PR96116

 

NEWTON, Mass. and FLORENCE, Italy, May 20, 2022 /PRNewswire=KYODO JBN/ --

 

-- European Commission Decision Anticipated within Approximately 60 Days --

 

Karyopharm Therapeutics Inc. (Nasdaq: KPTI), a commercial-stage pharmaceutical

company pioneering novel cancer therapies, and the Menarini Group ("Menarini"),

a privately-held, leading international pharmaceutical company, today announced

that the European Medicines Agency's (EMA) Committee for Medicinal Products for

Human Use (CHMP) has adopted a positive opinion recommending approval of

NEXPOVIO(R) (selinexor), a first-in-class, oral exportin 1 (XPO1) inhibitor, in

combination with once weekly bortezomib (Velcade(R)) and low-dose dexamethasone

(SVd) for the treatment of adults with multiple myeloma who have received one

to three prior lines of therapy.

 

The positive CHMP opinion is a scientific recommendation for marketing

authorization and one of the final steps before the European Commission (EC)

makes a decision on Karyopharm's NEXPOVIO application. The EC's decision is

expected within approximately 60 days following the CHMP recommendation. In

December 2021, Karyopharm and Menarini Group entered into an exclusive license

agreement to commercialize NEXPOVIO(R) (selinexor) in Europe.

 

"Despite therapeutic advances, multiple myeloma remains an incurable disease

that is difficult to treat," said Richard Paulson, President and Chief

Executive Officer of Karyopharm. "Today's positive CHMP opinion brings us one

step closer to our goal of making NEXPOVIO available to patients globally who

may benefit from its novel mechanism of action.
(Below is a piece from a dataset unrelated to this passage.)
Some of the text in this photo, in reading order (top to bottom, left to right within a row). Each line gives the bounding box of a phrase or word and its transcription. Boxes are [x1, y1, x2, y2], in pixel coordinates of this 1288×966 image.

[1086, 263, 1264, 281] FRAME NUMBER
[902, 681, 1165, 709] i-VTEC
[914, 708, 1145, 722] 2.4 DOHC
We are pleased to have Menarini

as a partner in this effort given its commercialization expertise as well as

strong heritage and footprint in Europe."

 

"We are thrilled with the CHMP's recommendation in favor of NEXPOVIO and what

it represents for multiple myeloma patients in need of new and innovative

treatment options," said Elcin Barker Ergun, Chief Executive Officer of

Menarini. "Pending potential marketing authorization from the EC, we will work

closely with appropriate authorities to ensure this important treatment can be

made available to patients in Europe."

 

Karyopharm's application is supported by data from the Phase 3 BOSTON study,

which evaluated the SVd triplet regimen in patients with relapsed or refractory

multiple myeloma and were published in The Lancet (Grosicki, et al.) in

November 2020. This CHMP opinion follows the approval of XPOVIO(R) (selinexor)
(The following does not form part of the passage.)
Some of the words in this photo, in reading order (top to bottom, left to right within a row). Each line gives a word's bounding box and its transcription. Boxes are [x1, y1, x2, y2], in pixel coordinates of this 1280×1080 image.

by the U.S. Food and Drug Administration in December 2020 in the SVd

combination in patients with multiple myeloma after at least one prior therapy.

 

About the Pivotal Phase 3 BOSTON Study

 

The Phase 3 BOSTON (Bortezomib, Selinexor and Dexamethasone) study was an

multi-center, randomized study (NCT03110562), which evaluated 402 adult

patients with relapsed or refractory multiple myeloma who had received one to

three prior lines of therapy. The study was designed to compare the efficacy,

safety and certain health-related quality of life parameters of once-weekly SVd

versus twice-weekly bortezomib and low-dose dexamethasone (Vd). The primary

endpoint of the study was progression-free survival (PFS) and key secondary

endpoints included overall response rate (ORR), rate of peripheral neuropathy,

and others. Additionally, the BOSTON study allowed for patients on the Vd

control arm to crossover to the SVd arm following objective (quantitative)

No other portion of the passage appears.